WORK INSTRUCTIONS
Each entry is to be retyped exactly as it appears. Leave the images out.

* * *

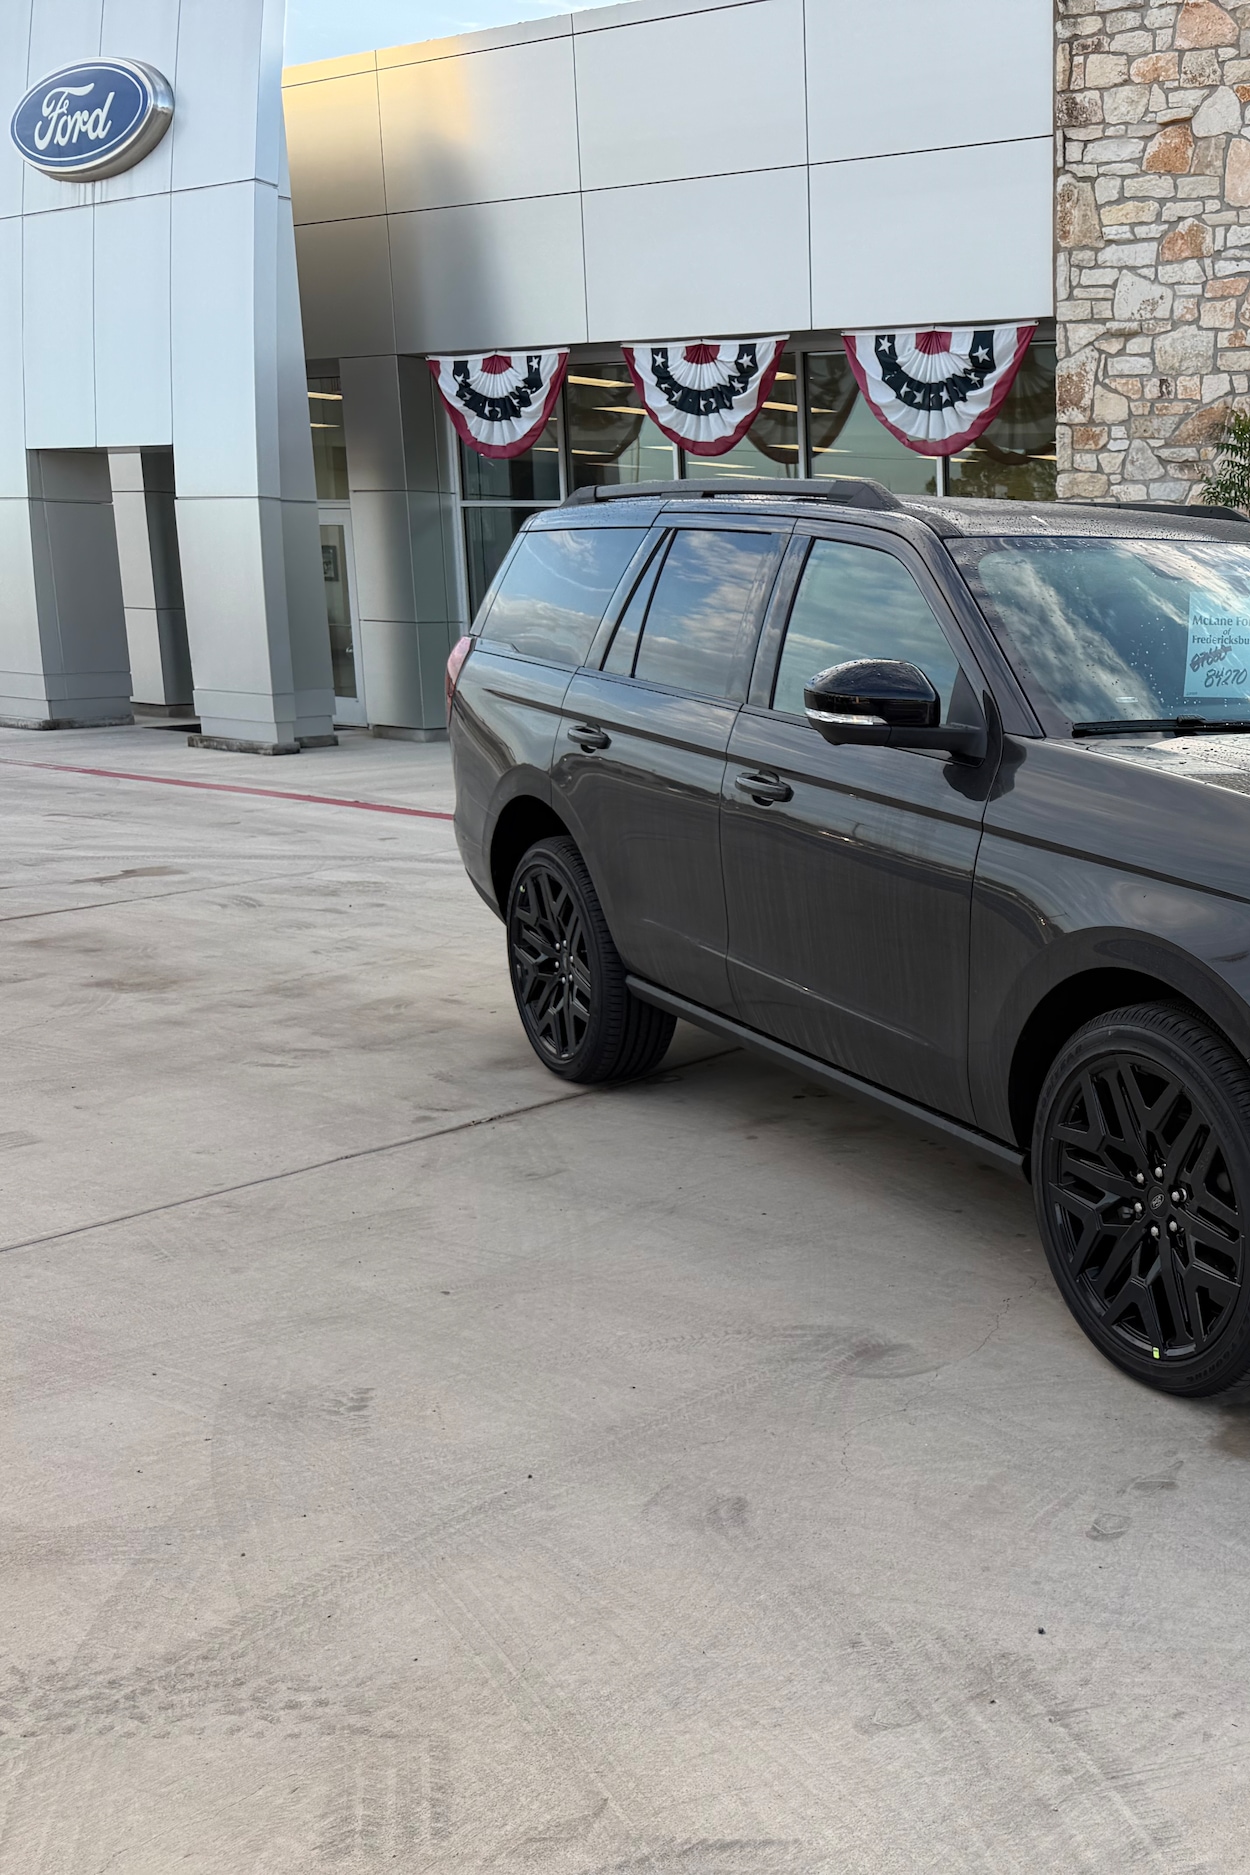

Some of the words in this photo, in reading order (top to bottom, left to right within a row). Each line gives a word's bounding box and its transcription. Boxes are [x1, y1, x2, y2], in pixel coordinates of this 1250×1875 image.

[34, 82, 116, 150] Ford
[1192, 615, 1233, 626] McLane
[1222, 628, 1231, 636] of
[1204, 667, 1248, 688] 84270
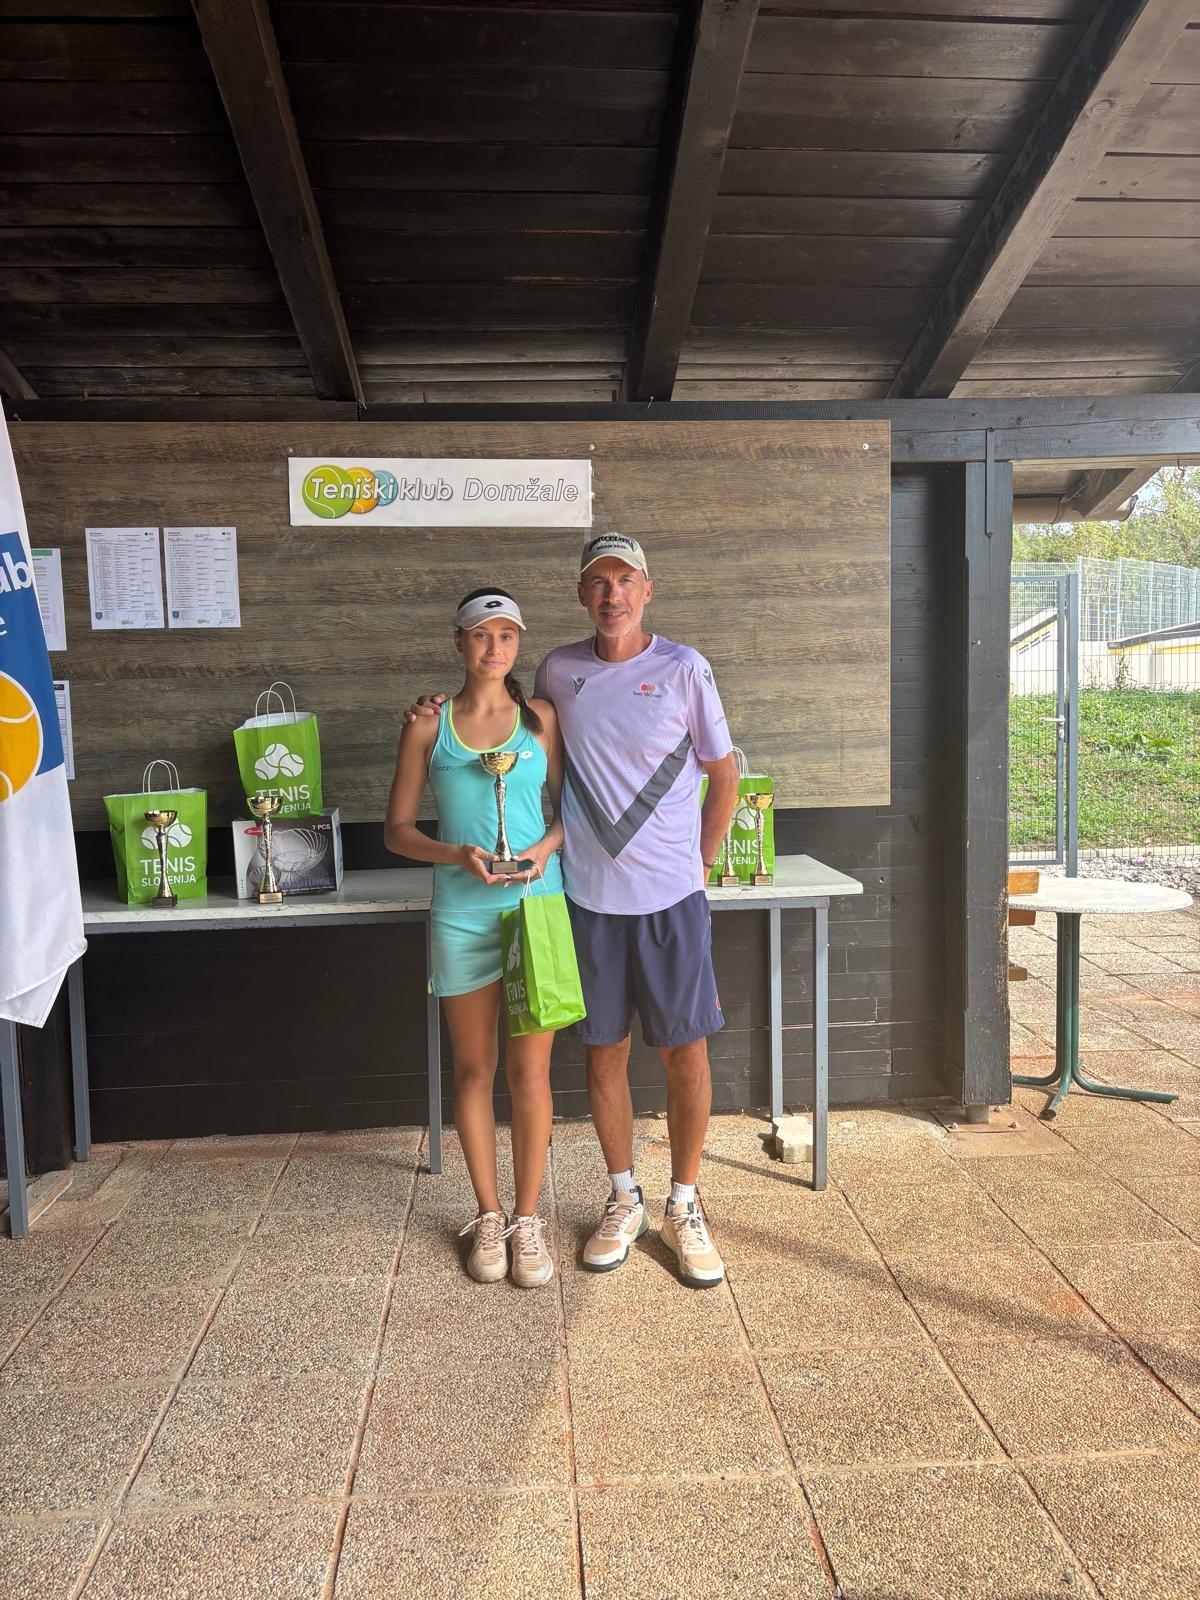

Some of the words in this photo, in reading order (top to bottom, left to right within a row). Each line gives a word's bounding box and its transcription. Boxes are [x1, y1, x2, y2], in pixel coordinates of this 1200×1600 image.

* * *

EXERCISE RESPONSE
Some of the words in this photo, in reading order (top to bottom, left to right within a row). Each line gives a word's bounding box and its transcription. Boxes are [x1, y1, x2, y2], in pixel coordinates of this 1250×1875 image.

[34, 82, 116, 150] Ford
[1192, 615, 1233, 626] McLane
[1222, 628, 1231, 636] of
[1204, 667, 1248, 688] 84270

Some of the words in this photo, in reading order (top to bottom, left to right within a row). Each line gives a word's bounding box and its transcription. Boxes are [x1, y1, x2, y2], in pixel coordinates of this 1200×1600 image.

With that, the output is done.